Cronaca — 21 aprile 2008

 In questi anni, gli organizzatori della Maratona di Napoli si sono dedicati con notevole impegno per l’affermazione della stessa, ottenendo progressi che, tuttavia, non riescono a farla decollare del tutto.
L’analisi, di seguito formulata, vuole essere un semplice strumento di supporto al faticoso e lodevole lavoro degli organizzatori.
Napoli, città d’arte e di storia antica, merita una maratona all’altezza dei suoi valori storici e tutte le sinergie degli addetti ai lavori tendono verso questo traguardo.
Bisogna avere, però, l’umiltà di sapere ascoltare anche le critiche costruttive dei podisti, ossia di quelle persone che poi mettono in pratica le loro scelte. A detta di molti podisti, il percorso scelto per questa maratona non è ottimale; si sa che il percorso di una maratona contribuisce, in modo rilevante, a decretare il successo o l’insuccesso della stessa.
Il percorso della maratona di Napoli, che rispecchia in buona parte quello dell’anno scorso, ha creato e continua a creare moltissimi problemi ai podisti, particolarmente nel tratto di via Caracciolo. Rimane incomprensibile la scelta di fare percorrere questa strada, seppur bellissima, per quattro volte ai partecipanti della 21 km e per ben sei volte a quelli della 42 km. Gli atleti doppiati si sono trovati in difficoltà nel secondo giro (la terza e quarta percorrenza di via Caracciolo). Le moto e le macchine di scorta agli atleti d’avanguardia hanno dovuto letteralmente attraversare la moltitudine dei podisti doppiati (in quel tratto si sommavano i podisti della mezza maratona e quelli della maratona). Si è creato, in buona sostanza, tanta confusione.
Per i maratoneti, invece, percorrere il tratto finale di via Caracciolo (la sesta percorrenza su di questa strada) è stato un vero disagio; essi hanno dovuto zigzagare tra biciclette, pattinatori e pedoni che avevano invaso la  corsia della gara, noncuranti della gara in corso; si aveva l’impressione di fare un allenamento, non si avvertiva la tensione della gara.
Esistono percorsi alternativi a via Caracciolo e a via Diocleziano, come  Riviera di Chiaia e viale Kenned. Perché non utilizzarli?
Perché, inoltre, non pensare di ridisegnare il percorso della gara facendolo transitare per corso Garibaldi, p.zza Carlo III, via Foria?  

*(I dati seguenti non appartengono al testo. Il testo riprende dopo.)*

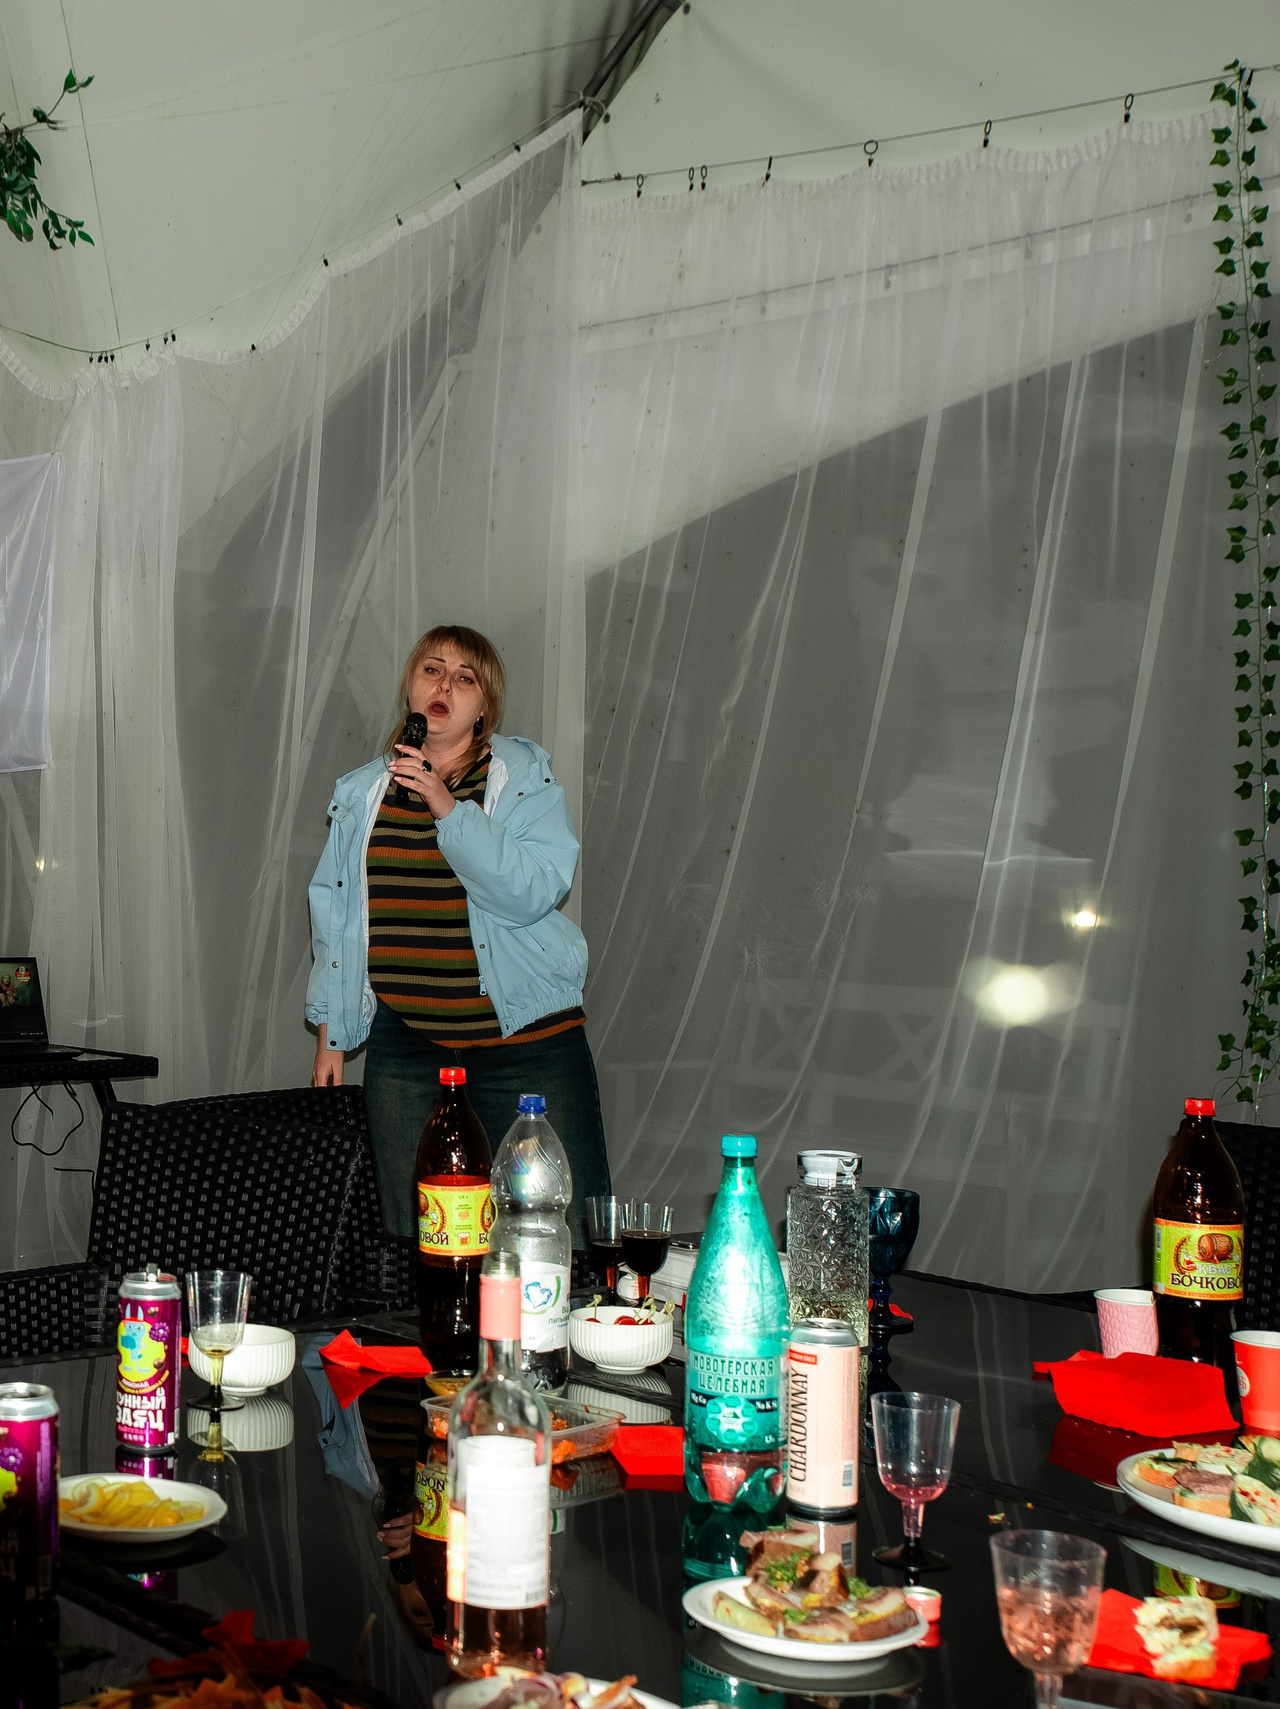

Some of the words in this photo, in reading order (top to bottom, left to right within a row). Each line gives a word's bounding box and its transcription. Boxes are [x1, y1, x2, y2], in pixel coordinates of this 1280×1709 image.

Correre la gara, per il 90% del suo percorso, su strada unica con atleti sia in andata sia in ritorno, può determinare nei podisti in difficoltà fattori di stress e d’abbandono, se non addirittura invogliarle gli stessi a tagliare il percorso.

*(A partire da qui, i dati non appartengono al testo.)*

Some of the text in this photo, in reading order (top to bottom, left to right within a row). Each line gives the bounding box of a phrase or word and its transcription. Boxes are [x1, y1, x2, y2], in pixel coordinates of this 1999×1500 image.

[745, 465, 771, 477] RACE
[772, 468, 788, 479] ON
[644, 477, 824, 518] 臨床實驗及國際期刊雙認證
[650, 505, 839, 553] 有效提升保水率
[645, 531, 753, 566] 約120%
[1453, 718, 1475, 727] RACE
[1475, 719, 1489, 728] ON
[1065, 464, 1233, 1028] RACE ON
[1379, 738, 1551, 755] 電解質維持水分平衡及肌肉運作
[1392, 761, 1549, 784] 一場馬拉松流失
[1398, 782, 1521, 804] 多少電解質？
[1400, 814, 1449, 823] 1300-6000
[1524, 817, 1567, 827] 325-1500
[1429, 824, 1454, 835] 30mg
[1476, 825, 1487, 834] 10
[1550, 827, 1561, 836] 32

Alla maratona di Roma, tre anni fa, si correva sulla stessa strada dal km 36 al km 40 in sensi opposti; gli organizzatori resosi conto dei fattori psicologici che potevano incidere sui podisti e per evitare possibili tentazione tagli di corsie, hanno modificato il tracciato evitando le percorrenze incrociate tra podisti.

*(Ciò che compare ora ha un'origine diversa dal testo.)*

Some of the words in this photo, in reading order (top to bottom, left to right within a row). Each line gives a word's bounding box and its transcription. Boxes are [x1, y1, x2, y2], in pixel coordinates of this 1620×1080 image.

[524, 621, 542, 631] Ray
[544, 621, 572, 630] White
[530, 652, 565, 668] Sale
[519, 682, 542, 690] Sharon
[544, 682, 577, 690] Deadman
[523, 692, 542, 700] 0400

Roma, Milano, Parigi ed altre grandi città hanno problemi di viabilità come Napoli, tuttavia, gli organizzatori si sono impegnati a scegliere percorsi che evitano incroci tra podisti in percorrenza chilometrica diversa. Sanno perfettamente che il successo di una maratona rappresenta per la città organizzatrice un portentoso veicolo per il turismo ed un sicuro ritorno economico.